EXERCISE DIRECTIONS:
Would you repeat every entry below word for word but drop the images?

(Beginning of GIVEN INFORMATION)

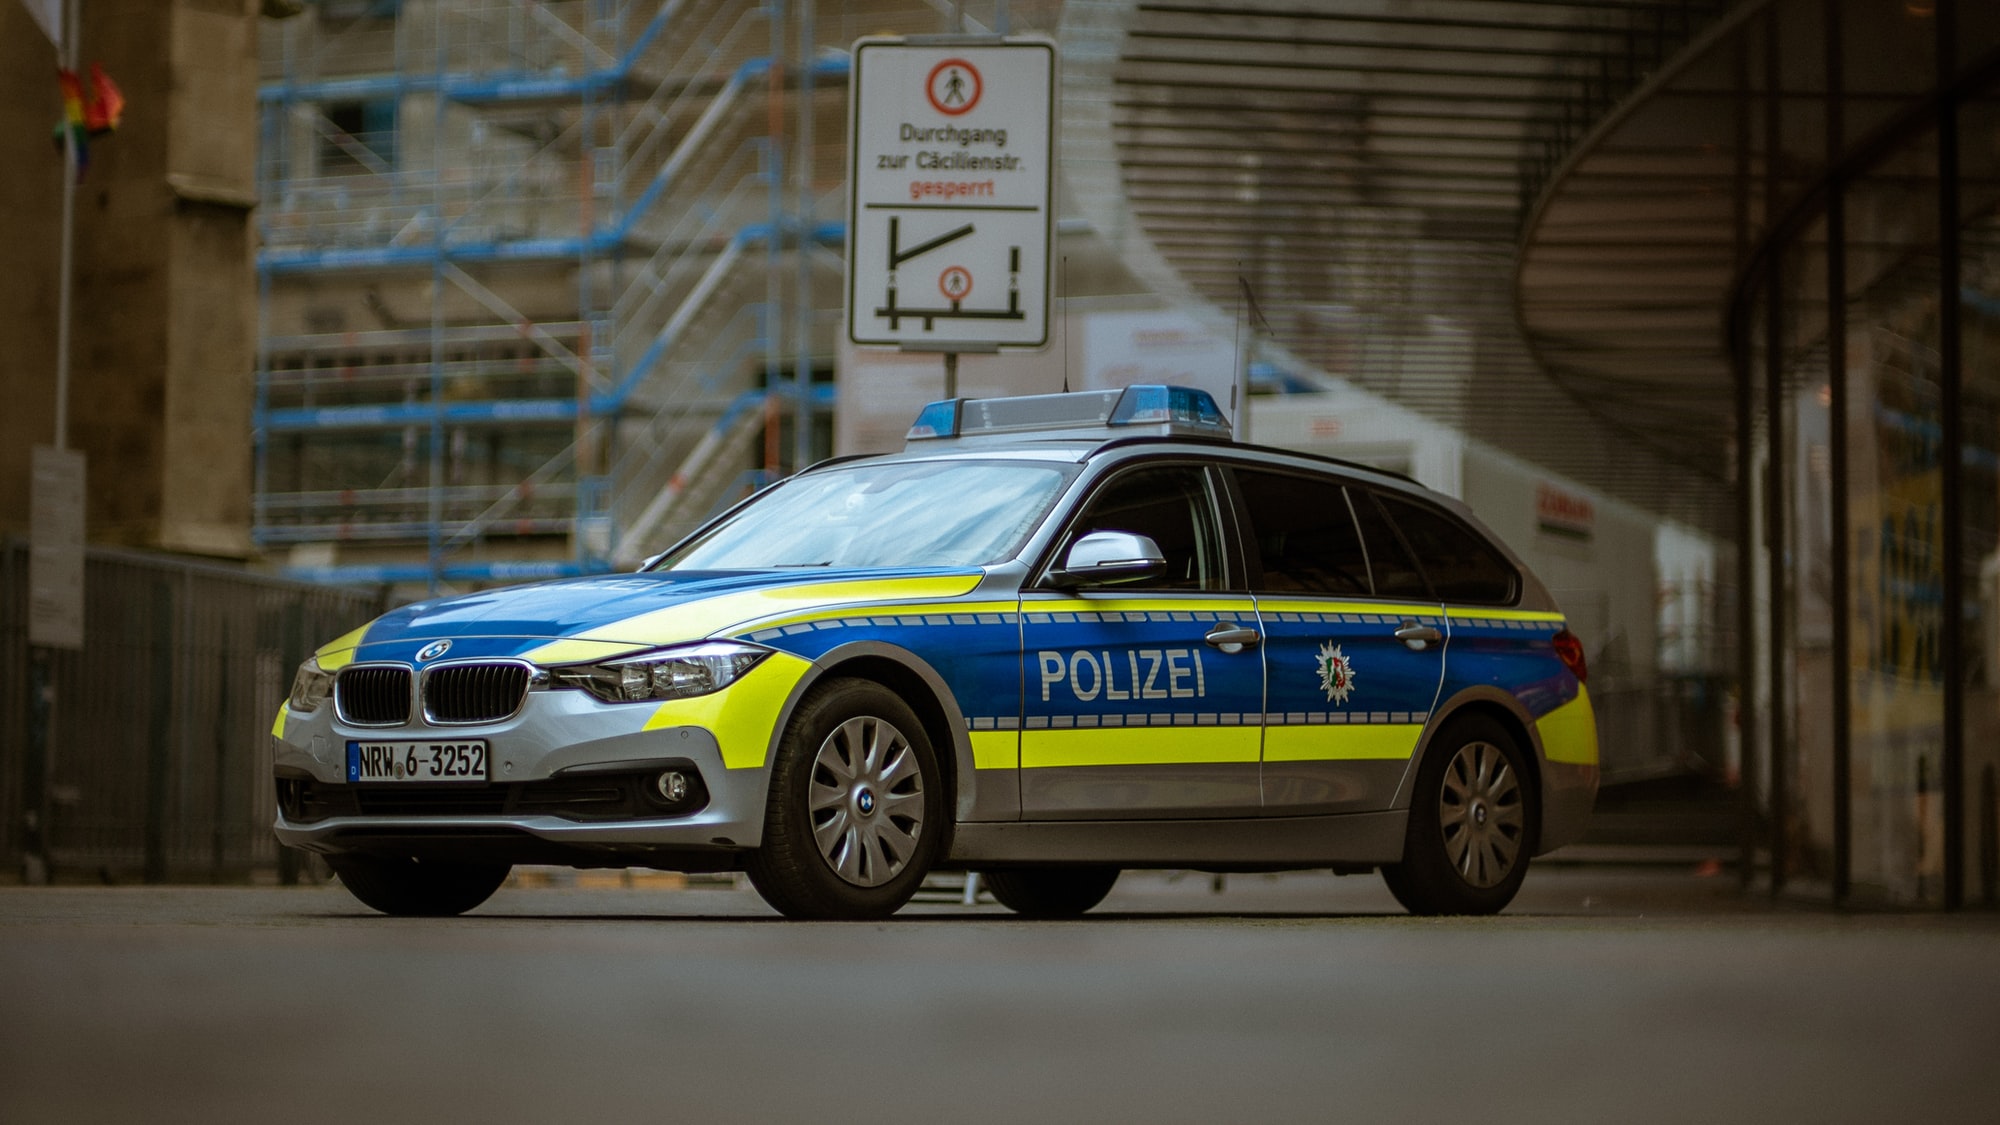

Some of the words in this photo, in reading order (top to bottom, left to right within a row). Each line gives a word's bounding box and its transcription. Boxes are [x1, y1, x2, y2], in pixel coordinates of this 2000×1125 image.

[900, 122, 1007, 147] Durchgang
[877, 154, 909, 170] zur
[916, 151, 1025, 171] Cäcilienstr.
[910, 179, 995, 199] gesperrt
[1038, 648, 1206, 701] POLIZEI
[359, 745, 394, 777] NRW
[405, 744, 485, 777] 6-3252
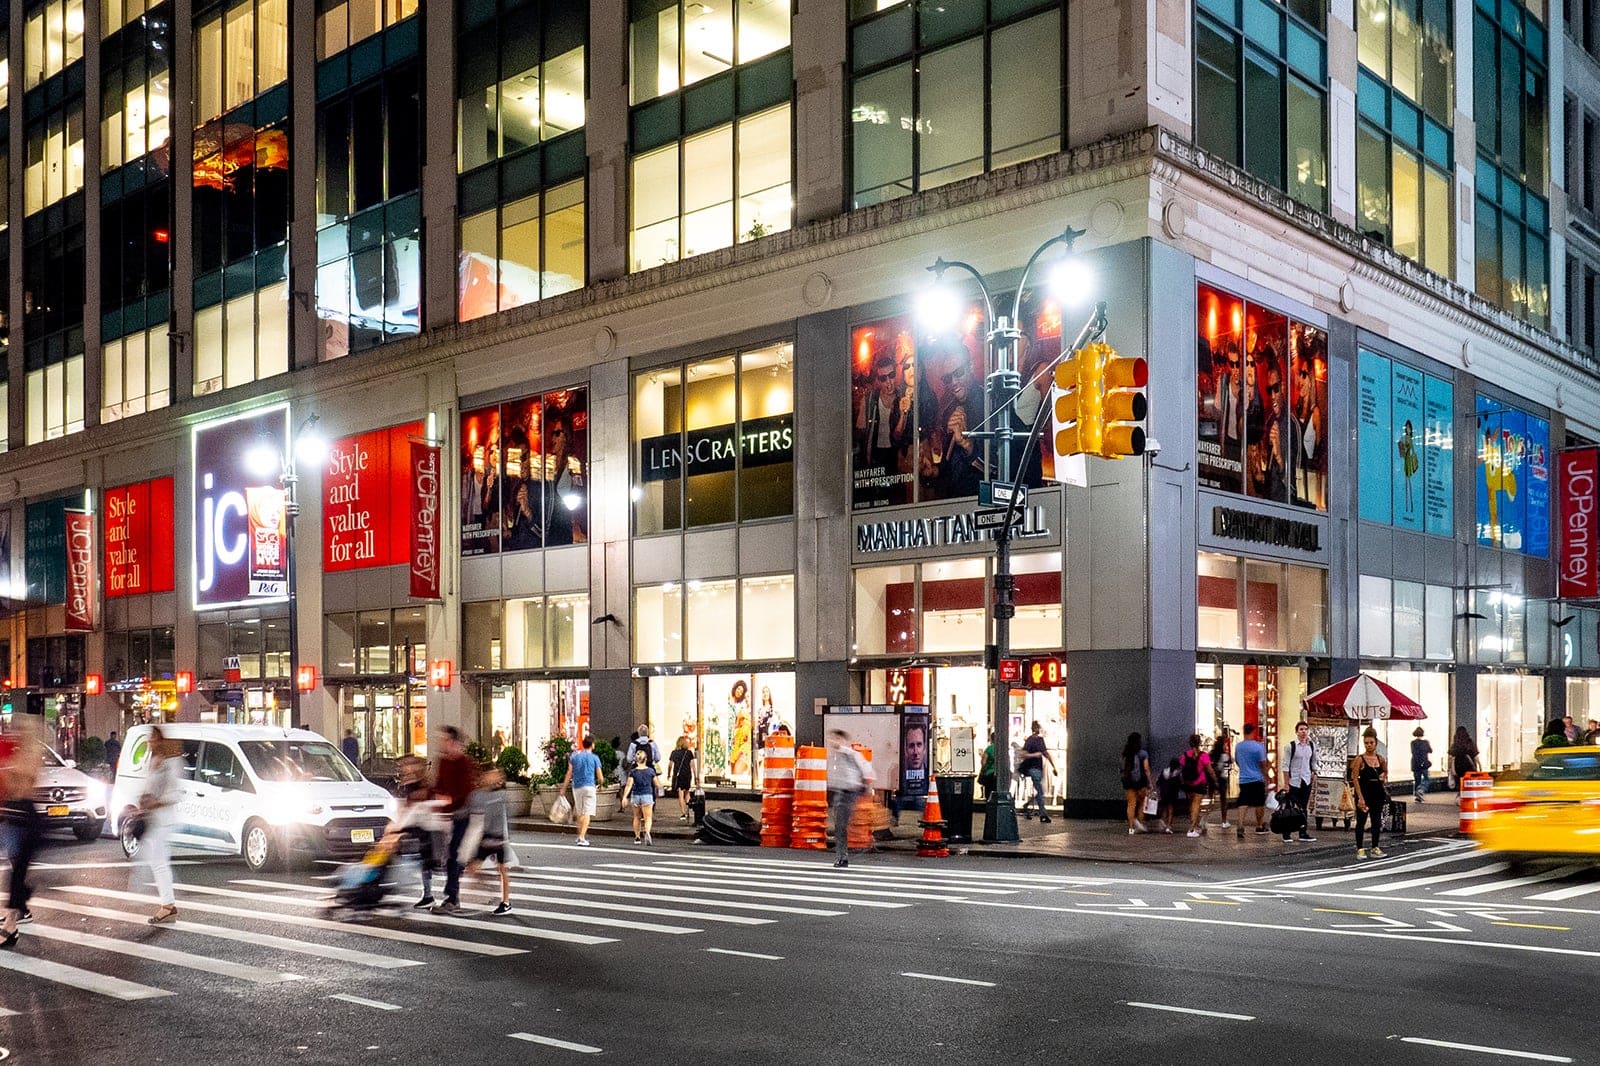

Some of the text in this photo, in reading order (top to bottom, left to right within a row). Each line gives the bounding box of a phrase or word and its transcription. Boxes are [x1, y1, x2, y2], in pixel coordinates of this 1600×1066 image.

[330, 444, 368, 480] Style
[651, 428, 792, 469] LENSCRAFTERS
[854, 467, 885, 479] WAYFARER
[870, 473, 914, 487] PRESCRIPTION
[330, 473, 360, 504] and
[109, 493, 136, 522] Style
[330, 504, 370, 533] value
[412, 460, 438, 582] JCPenney
[981, 514, 995, 524] ONE
[109, 517, 130, 542] and
[857, 514, 976, 552] MANHATTAN
[1563, 461, 1595, 587] JCPenney
[109, 542, 137, 564] value
[330, 530, 375, 562] for all
[69, 521, 92, 622] JCPenney
[110, 564, 141, 590] for all
[258, 583, 278, 593] P&G
[1049, 662, 1057, 681] 8
[1351, 705, 1387, 719] NUTS
[955, 747, 967, 757] 29
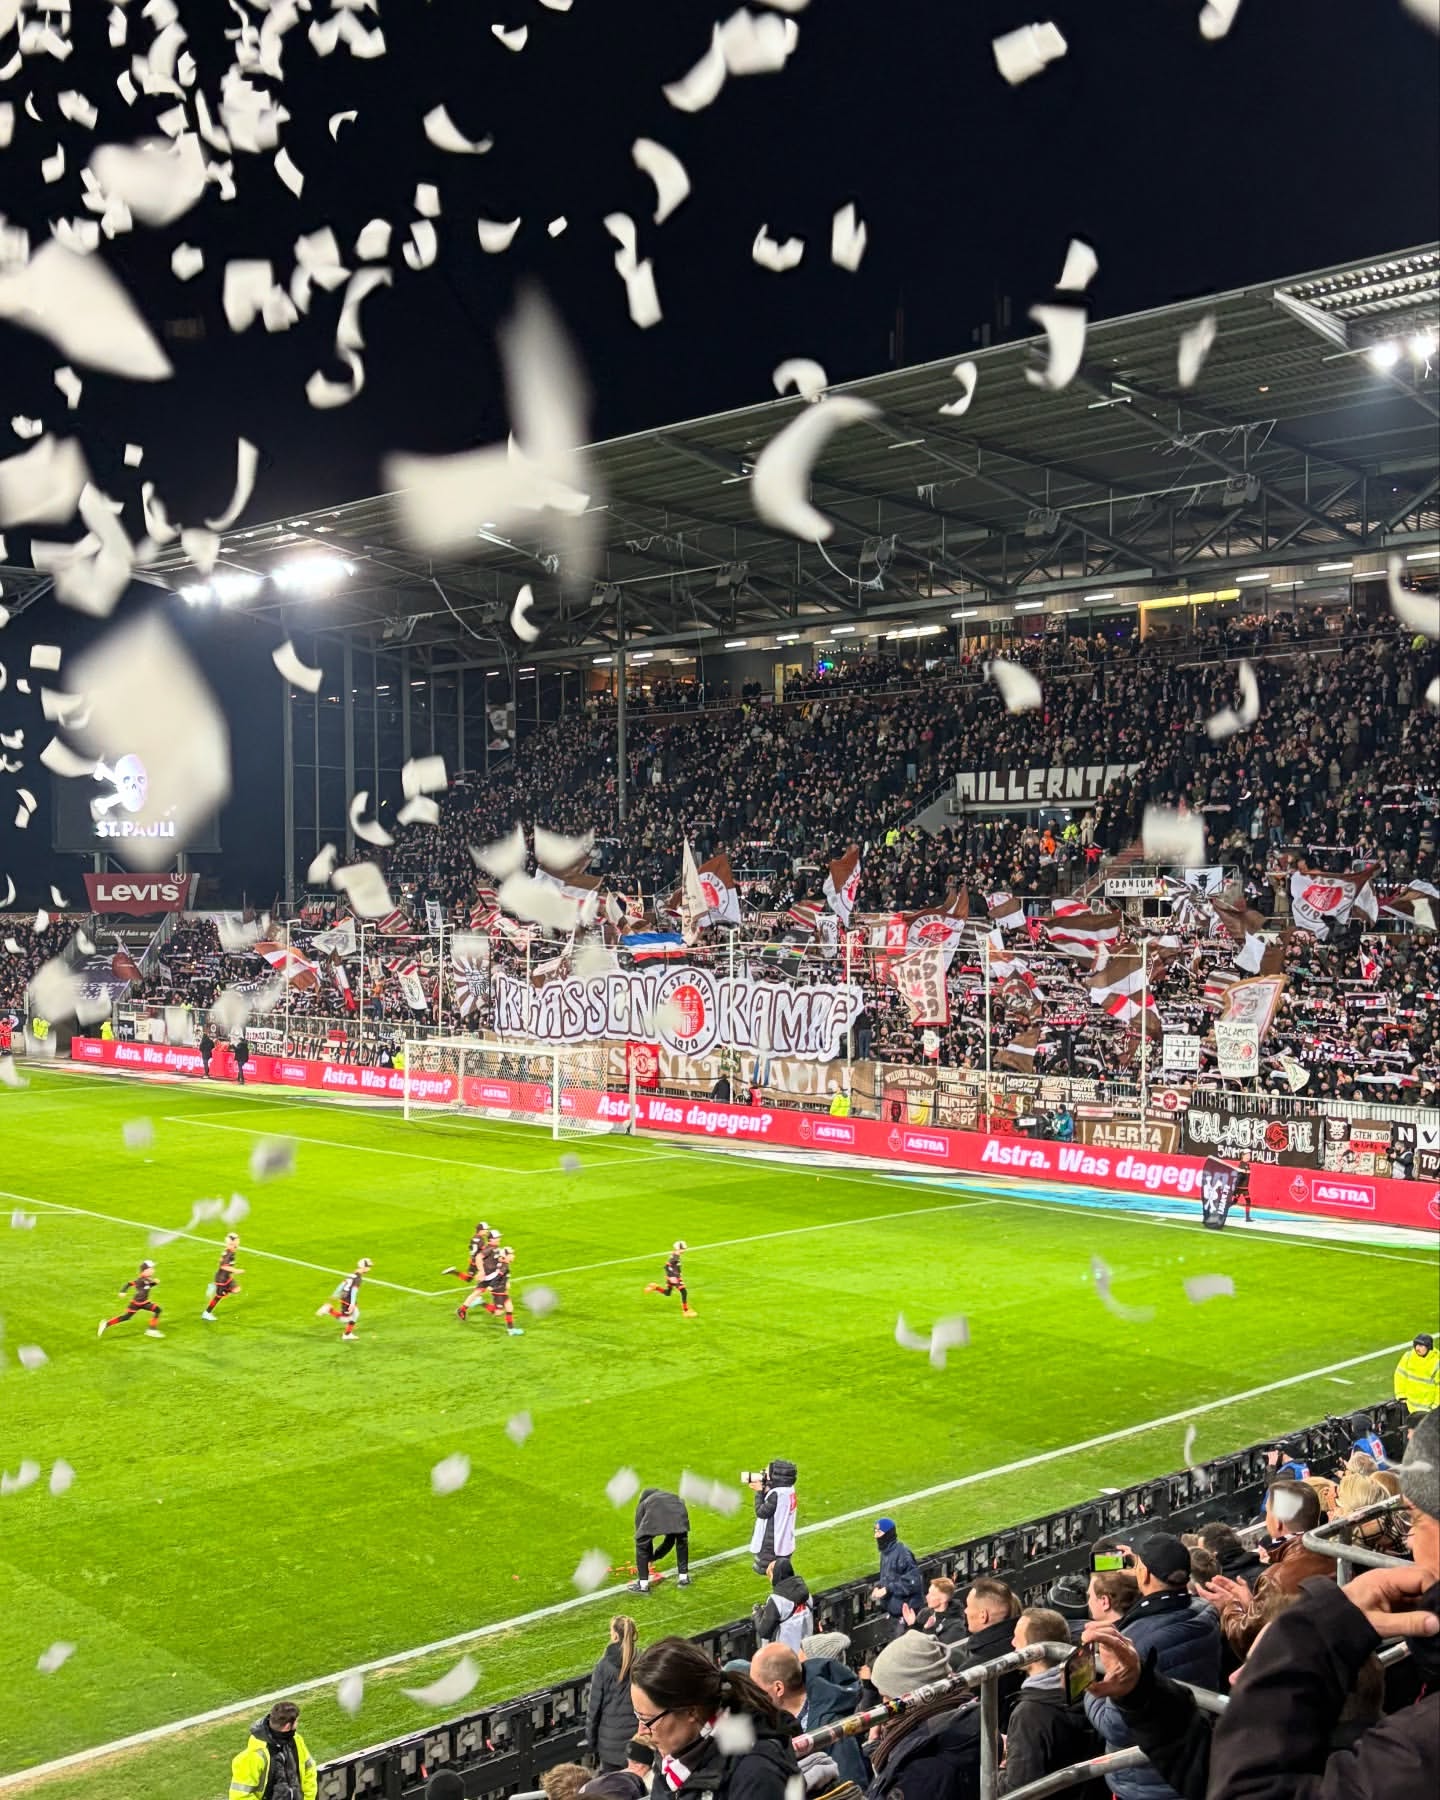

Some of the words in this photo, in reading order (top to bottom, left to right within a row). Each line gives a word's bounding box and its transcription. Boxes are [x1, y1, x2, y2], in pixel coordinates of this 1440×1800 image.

[955, 763, 1142, 800] MILLERNT
[497, 974, 658, 1039] KLASSEN
[674, 1037, 699, 1051] 1910
[115, 1045, 142, 1061] Astra.
[143, 1048, 164, 1064] Was
[165, 1050, 212, 1070] dagege
[323, 1066, 358, 1085] Astra.
[361, 1069, 386, 1089] Was
[483, 1088, 508, 1099] ASTRA
[546, 1096, 573, 1107] ARA
[649, 1101, 683, 1123] Was
[687, 1105, 773, 1134] dagegen?
[816, 1127, 852, 1140] ASTRA
[1092, 1124, 1162, 1144] ALERTA
[907, 1138, 945, 1152] ASTRA
[982, 1140, 1050, 1169] Astra.
[1058, 1147, 1110, 1176] Was
[1317, 1186, 1370, 1203] ASTRA

(End of GIVEN INFORMATION)

TASK RESULT:
Some of the words in this photo, in reading order (top to bottom, left to right within a row). Each line gives a word's bounding box and its transcription. Boxes are [x1, y1, x2, y2], in pixel coordinates of this 2000×1125 image.

[900, 122, 1007, 147] Durchgang
[877, 154, 909, 170] zur
[916, 151, 1025, 171] Cäcilienstr.
[910, 179, 995, 199] gesperrt
[1038, 648, 1206, 701] POLIZEI
[359, 745, 394, 777] NRW
[405, 744, 485, 777] 6-3252

Some of the text in this photo, in reading order (top to bottom, left to right within a row). Each line gives the bounding box of a phrase or word and its transcription. Boxes are [x1, y1, x2, y2], in pixel coordinates of this 1600×1066 image.

[330, 444, 368, 480] Style
[651, 428, 792, 469] LENSCRAFTERS
[854, 467, 885, 479] WAYFARER
[870, 473, 914, 487] PRESCRIPTION
[330, 473, 360, 504] and
[109, 493, 136, 522] Style
[330, 504, 370, 533] value
[412, 460, 438, 582] JCPenney
[981, 514, 995, 524] ONE
[109, 517, 130, 542] and
[857, 514, 976, 552] MANHATTAN
[1563, 461, 1595, 587] JCPenney
[109, 542, 137, 564] value
[330, 530, 375, 562] for all
[69, 521, 92, 622] JCPenney
[110, 564, 141, 590] for all
[258, 583, 278, 593] P&G
[1049, 662, 1057, 681] 8
[1351, 705, 1387, 719] NUTS
[955, 747, 967, 757] 29

Some of the words in this photo, in reading order (top to bottom, left to right within a row). Each line gives a word's bounding box and its transcription. Boxes are [x1, y1, x2, y2], in pixel coordinates of this 1440×1800 image.

[955, 763, 1142, 800] MILLERNT
[497, 974, 658, 1039] KLASSEN
[674, 1037, 699, 1051] 1910
[115, 1045, 142, 1061] Astra.
[143, 1048, 164, 1064] Was
[165, 1050, 212, 1070] dagege
[323, 1066, 358, 1085] Astra.
[361, 1069, 386, 1089] Was
[483, 1088, 508, 1099] ASTRA
[546, 1096, 573, 1107] ARA
[649, 1101, 683, 1123] Was
[687, 1105, 773, 1134] dagegen?
[816, 1127, 852, 1140] ASTRA
[1092, 1124, 1162, 1144] ALERTA
[907, 1138, 945, 1152] ASTRA
[982, 1140, 1050, 1169] Astra.
[1058, 1147, 1110, 1176] Was
[1317, 1186, 1370, 1203] ASTRA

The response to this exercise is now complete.